§ **INPUT DATA**
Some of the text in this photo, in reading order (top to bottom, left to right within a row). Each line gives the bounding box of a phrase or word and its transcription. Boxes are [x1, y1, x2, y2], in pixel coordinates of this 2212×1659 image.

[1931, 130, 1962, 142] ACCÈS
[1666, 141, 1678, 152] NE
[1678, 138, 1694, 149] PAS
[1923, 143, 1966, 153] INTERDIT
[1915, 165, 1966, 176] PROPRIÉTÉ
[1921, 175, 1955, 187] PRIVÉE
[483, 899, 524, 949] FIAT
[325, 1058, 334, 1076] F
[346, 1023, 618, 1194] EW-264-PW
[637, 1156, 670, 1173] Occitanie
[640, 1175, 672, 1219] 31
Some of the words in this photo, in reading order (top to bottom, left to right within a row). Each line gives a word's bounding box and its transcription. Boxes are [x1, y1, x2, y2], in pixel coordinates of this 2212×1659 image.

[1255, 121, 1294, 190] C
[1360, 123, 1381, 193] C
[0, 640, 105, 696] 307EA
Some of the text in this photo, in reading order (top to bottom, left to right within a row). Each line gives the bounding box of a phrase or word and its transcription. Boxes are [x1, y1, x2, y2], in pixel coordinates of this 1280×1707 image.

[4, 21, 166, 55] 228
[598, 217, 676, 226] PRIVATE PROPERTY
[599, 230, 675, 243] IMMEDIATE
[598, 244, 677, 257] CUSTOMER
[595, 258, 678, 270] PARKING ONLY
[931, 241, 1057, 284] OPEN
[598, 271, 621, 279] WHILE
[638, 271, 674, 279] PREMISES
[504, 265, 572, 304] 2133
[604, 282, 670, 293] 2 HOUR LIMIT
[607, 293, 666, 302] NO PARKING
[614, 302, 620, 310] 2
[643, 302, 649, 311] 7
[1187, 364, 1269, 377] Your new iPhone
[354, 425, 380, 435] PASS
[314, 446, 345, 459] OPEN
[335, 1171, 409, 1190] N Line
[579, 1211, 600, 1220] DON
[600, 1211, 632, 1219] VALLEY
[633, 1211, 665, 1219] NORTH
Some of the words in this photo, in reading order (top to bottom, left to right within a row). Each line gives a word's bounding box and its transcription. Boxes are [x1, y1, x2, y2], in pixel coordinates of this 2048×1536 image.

§ **PROBLEM TO SOLVE**
Each record above needs to be reproduced exactly as written.

§ **RESPONSE TO THIS EXERCISE**
Some of the text in this photo, in reading order (top to bottom, left to right within a row). Each line gives the bounding box of a phrase or word and its transcription. Boxes are [x1, y1, x2, y2], in pixel coordinates of this 2212×1659 image.

[1931, 130, 1962, 142] ACCÈS
[1666, 141, 1678, 152] NE
[1678, 138, 1694, 149] PAS
[1923, 143, 1966, 153] INTERDIT
[1915, 165, 1966, 176] PROPRIÉTÉ
[1921, 175, 1955, 187] PRIVÉE
[483, 899, 524, 949] FIAT
[325, 1058, 334, 1076] F
[346, 1023, 618, 1194] EW-264-PW
[637, 1156, 670, 1173] Occitanie
[640, 1175, 672, 1219] 31
Some of the words in this photo, in reading order (top to bottom, left to right within a row). Each line gives a word's bounding box and its transcription. Boxes are [x1, y1, x2, y2], in pixel coordinates of this 2212×1659 image.

[1255, 121, 1294, 190] C
[1360, 123, 1381, 193] C
[0, 640, 105, 696] 307EA
Some of the text in this photo, in reading order (top to bottom, left to right within a row). Each line gives the bounding box of a phrase or word and its transcription. Boxes are [x1, y1, x2, y2], in pixel coordinates of this 1280×1707 image.

[4, 21, 166, 55] 228
[598, 217, 676, 226] PRIVATE PROPERTY
[599, 230, 675, 243] IMMEDIATE
[598, 244, 677, 257] CUSTOMER
[595, 258, 678, 270] PARKING ONLY
[931, 241, 1057, 284] OPEN
[598, 271, 621, 279] WHILE
[638, 271, 674, 279] PREMISES
[504, 265, 572, 304] 2133
[604, 282, 670, 293] 2 HOUR LIMIT
[607, 293, 666, 302] NO PARKING
[614, 302, 620, 310] 2
[643, 302, 649, 311] 7
[1187, 364, 1269, 377] Your new iPhone
[354, 425, 380, 435] PASS
[314, 446, 345, 459] OPEN
[335, 1171, 409, 1190] N Line
[579, 1211, 600, 1220] DON
[600, 1211, 632, 1219] VALLEY
[633, 1211, 665, 1219] NORTH
Some of the words in this photo, in reading order (top to bottom, left to right within a row). Each line gives a word's bounding box and its transcription. Boxes are [x1, y1, x2, y2], in pixel coordinates of this 2048×1536 image.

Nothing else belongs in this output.